== What the exercise asks ==
This calls for a word-for-word copy of all the data, with each picture removed.
_ _ _ _ _
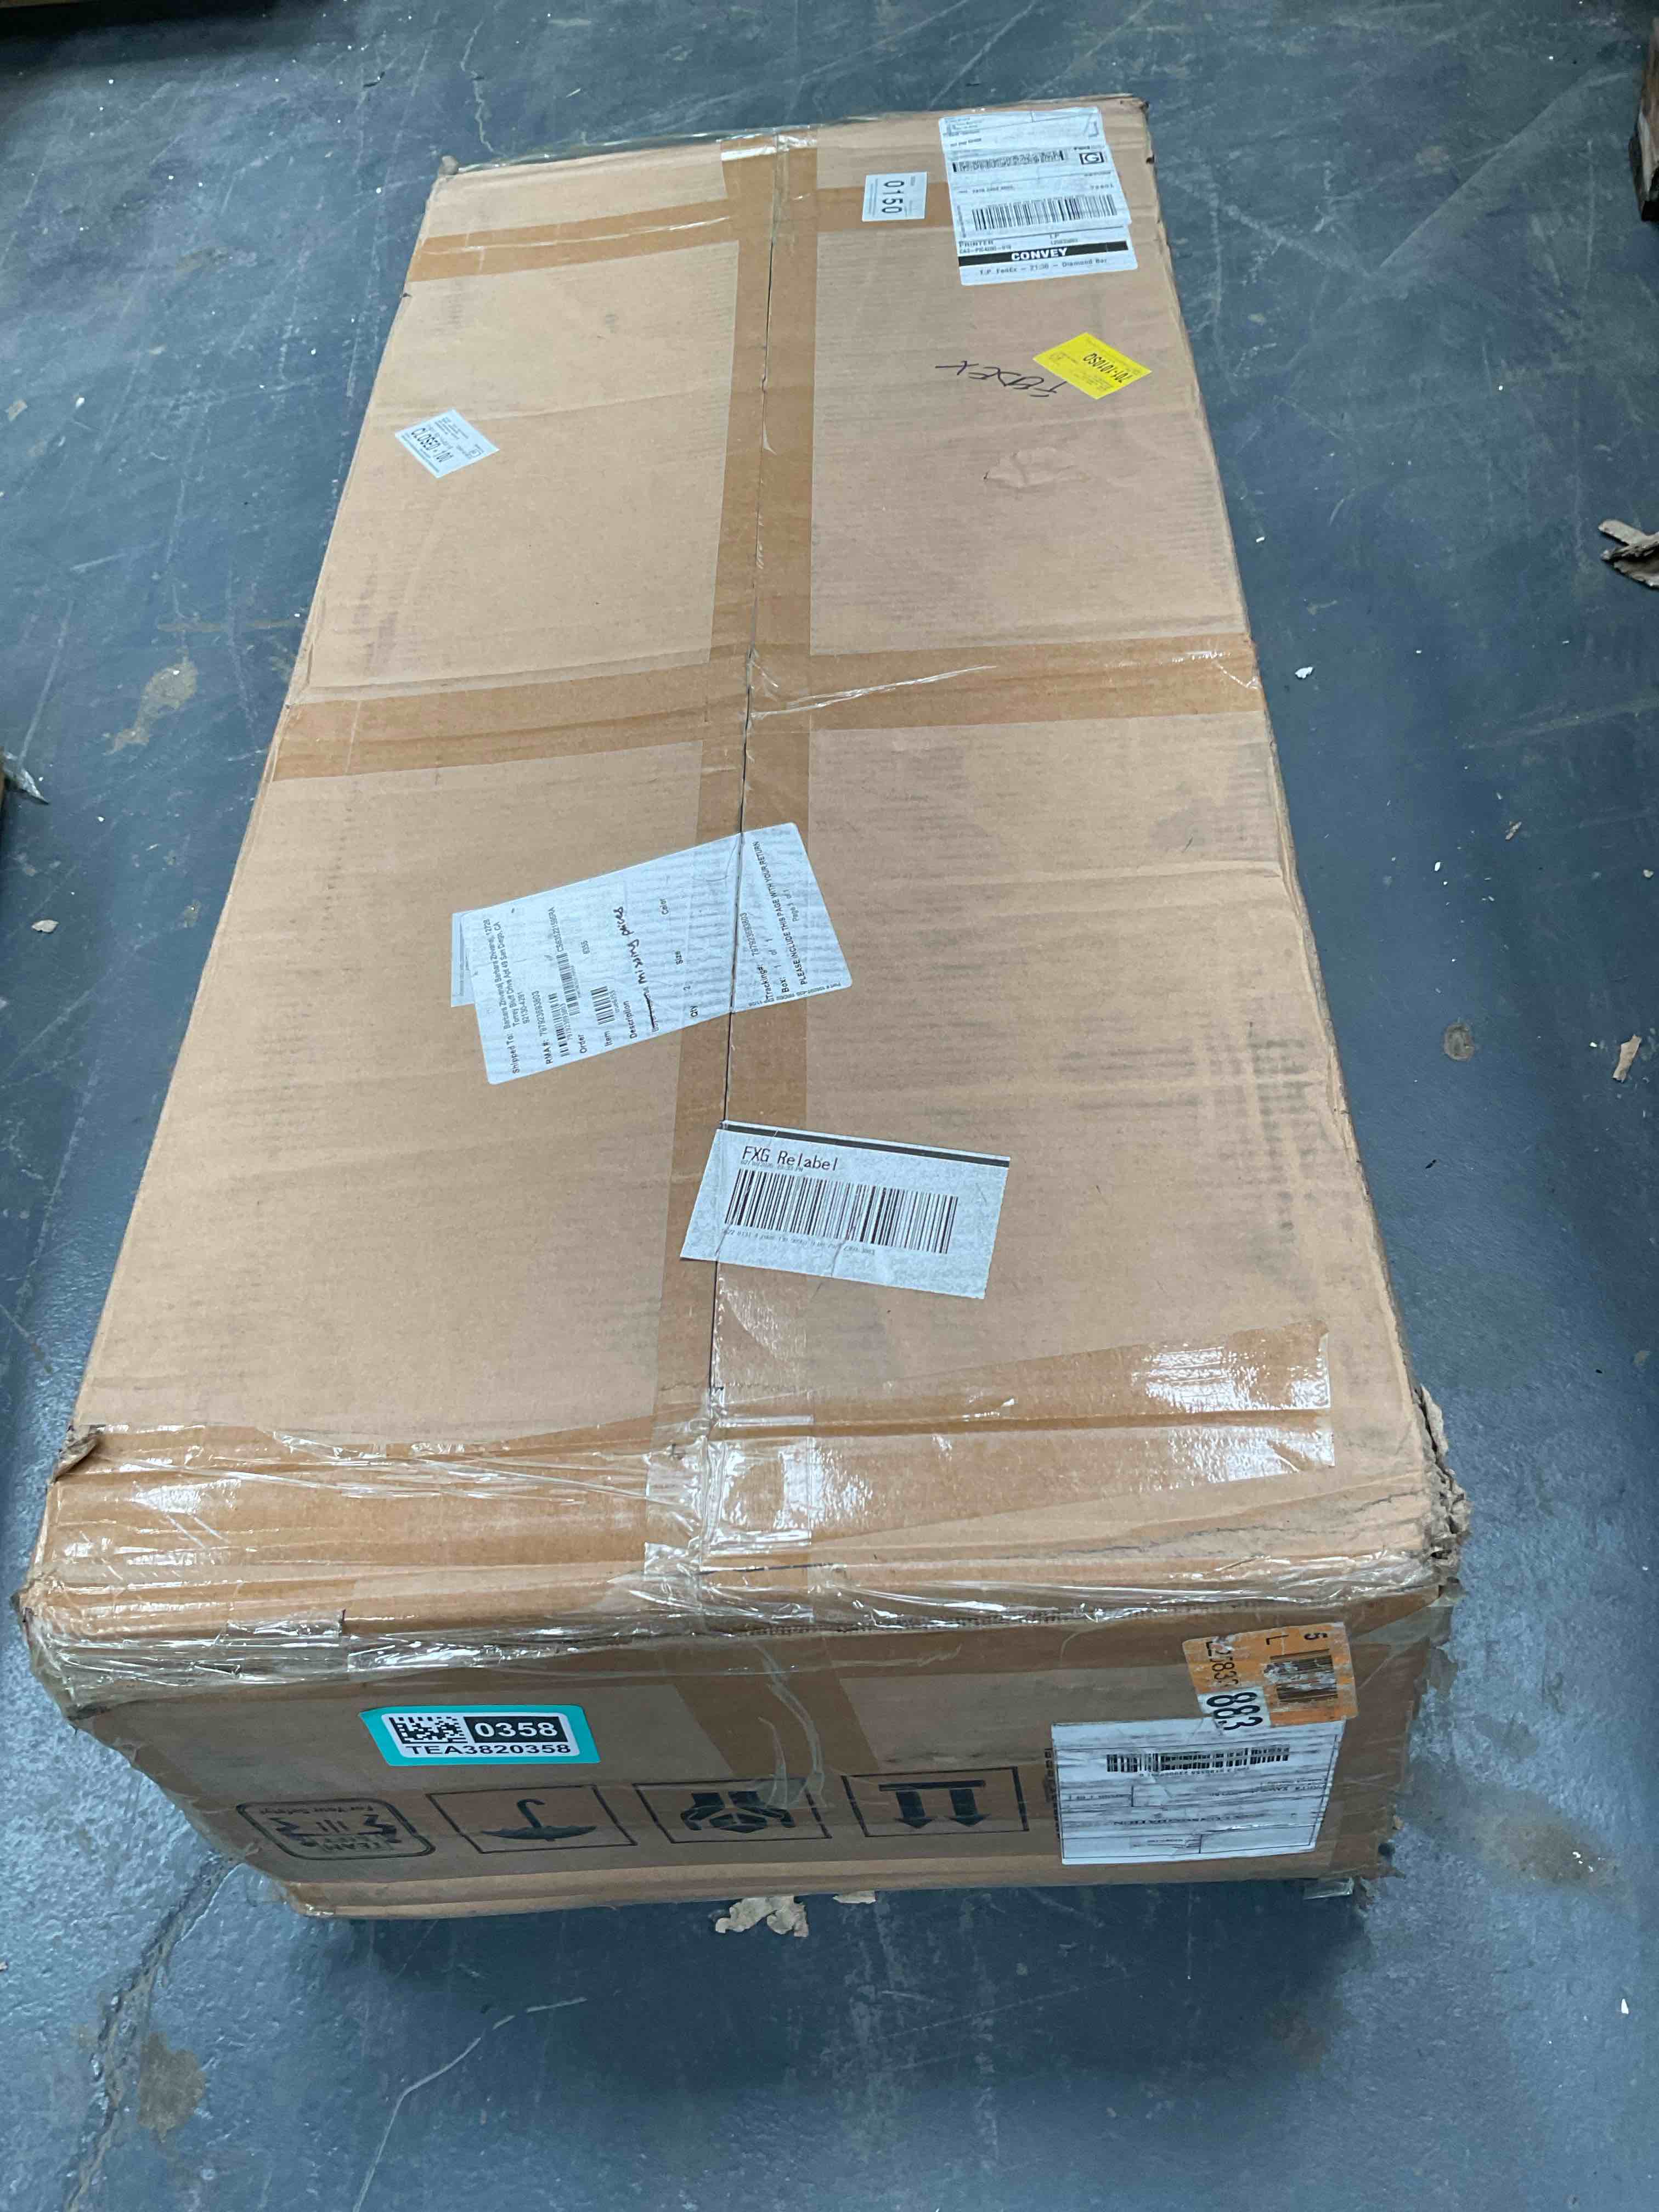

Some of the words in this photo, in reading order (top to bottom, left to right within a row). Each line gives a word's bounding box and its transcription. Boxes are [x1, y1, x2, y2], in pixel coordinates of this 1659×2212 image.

[882, 179, 905, 215] 0150
[1011, 247, 1068, 262] CONVEY
[1062, 258, 1092, 267] Diamond
[751, 840, 766, 865] RETURN
[760, 865, 772, 883] YOUR
[766, 882, 777, 898] WITH
[658, 898, 669, 915] Color
[771, 899, 784, 917] PAGE
[788, 906, 800, 922] Page
[777, 917, 788, 931] THIS
[782, 931, 798, 959] INCLUDE
[627, 939, 647, 984] missing
[673, 950, 684, 964] Size
[791, 959, 807, 985] PLEASE
[778, 976, 789, 992] Box:
[622, 1000, 637, 1039] Description
[689, 1005, 699, 1017] Qty
[577, 1034, 588, 1053] Order
[602, 1030, 612, 1046] Item
[507, 1045, 520, 1074] Shipped
[543, 1047, 553, 1064] RMA
[742, 1146, 771, 1163] FXG
[777, 1150, 838, 1171] Relabel
[1206, 1691, 1263, 1730] 883
[475, 1722, 557, 1737] 0358
[406, 1743, 571, 1754] TEA3820358
_ _ _ _ _
== Solution to the problem ==
Some of the words in this photo, in reading order (top to bottom, left to right within a row). Each line gives a word's bounding box and its transcription. Boxes are [x1, y1, x2, y2], in pixel coordinates of this 1659×2212 image.

[882, 179, 905, 215] 0150
[1011, 247, 1068, 262] CONVEY
[1062, 258, 1092, 267] Diamond
[751, 840, 766, 865] RETURN
[760, 865, 772, 883] YOUR
[766, 882, 777, 898] WITH
[658, 898, 669, 915] Color
[771, 899, 784, 917] PAGE
[788, 906, 800, 922] Page
[777, 917, 788, 931] THIS
[782, 931, 798, 959] INCLUDE
[627, 939, 647, 984] missing
[673, 950, 684, 964] Size
[791, 959, 807, 985] PLEASE
[778, 976, 789, 992] Box:
[622, 1000, 637, 1039] Description
[689, 1005, 699, 1017] Qty
[577, 1034, 588, 1053] Order
[602, 1030, 612, 1046] Item
[507, 1045, 520, 1074] Shipped
[543, 1047, 553, 1064] RMA
[742, 1146, 771, 1163] FXG
[777, 1150, 838, 1171] Relabel
[1206, 1691, 1263, 1730] 883
[475, 1722, 557, 1737] 0358
[406, 1743, 571, 1754] TEA3820358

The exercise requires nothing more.